» **Problem statement**
If an entry holds a picture, drop the picture but restate the entry word for word.

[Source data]
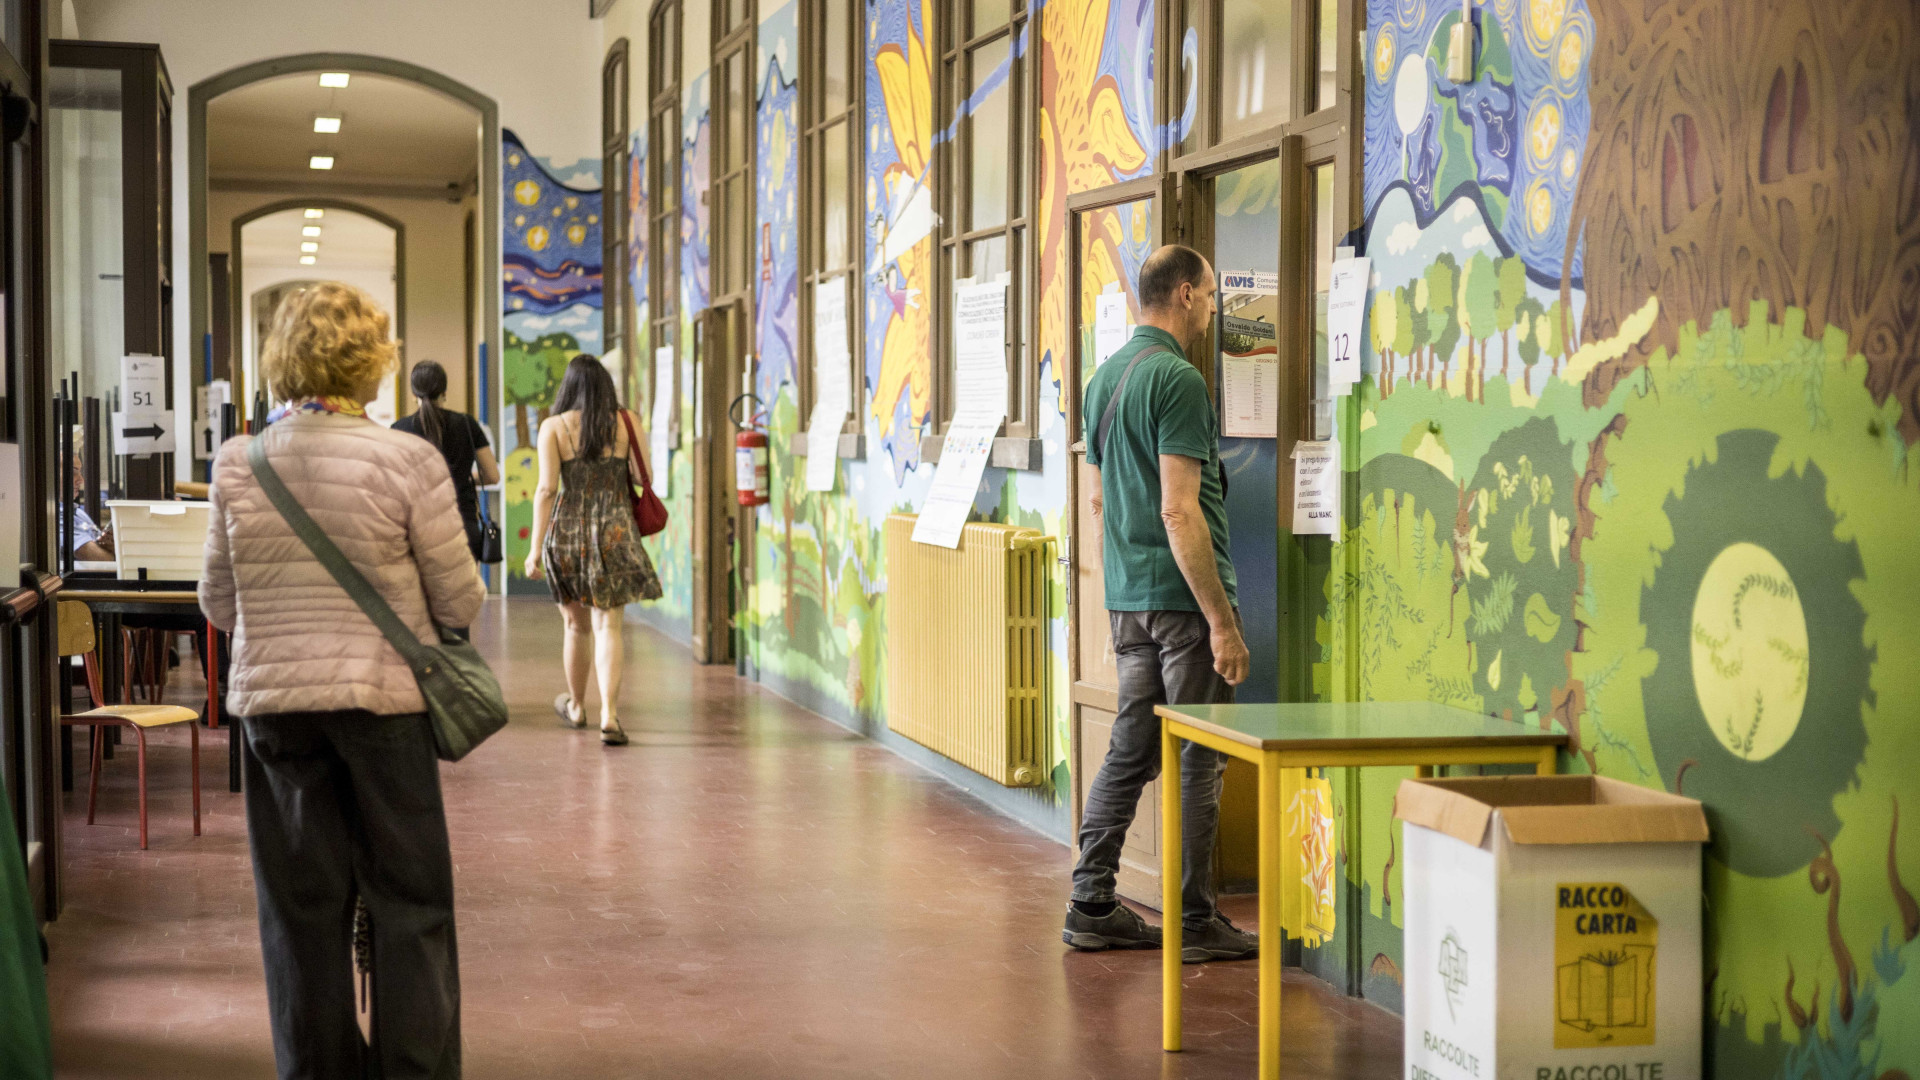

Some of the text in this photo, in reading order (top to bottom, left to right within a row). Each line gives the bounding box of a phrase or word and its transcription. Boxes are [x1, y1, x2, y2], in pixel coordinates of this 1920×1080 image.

[1225, 276, 1254, 288] AVIS
[1227, 321, 1250, 331] Osvaldo
[1335, 333, 1350, 361] 12
[133, 392, 153, 406] 51
[1308, 511, 1318, 519] ALLA
[1559, 886, 1624, 909] RACCO
[1576, 913, 1638, 935] CARTA
[1424, 1030, 1480, 1078] RACCOLTE
[1536, 1062, 1664, 1080] RACCOLTE

» **Answer to the problem**
Some of the text in this photo, in reading order (top to bottom, left to right within a row). Each line gives the bounding box of a phrase or word and its transcription. Boxes are [x1, y1, x2, y2], in pixel coordinates of this 1920×1080 image.

[1225, 276, 1254, 288] AVIS
[1227, 321, 1250, 331] Osvaldo
[1335, 333, 1350, 361] 12
[133, 392, 153, 406] 51
[1308, 511, 1318, 519] ALLA
[1559, 886, 1624, 909] RACCO
[1576, 913, 1638, 935] CARTA
[1424, 1030, 1480, 1078] RACCOLTE
[1536, 1062, 1664, 1080] RACCOLTE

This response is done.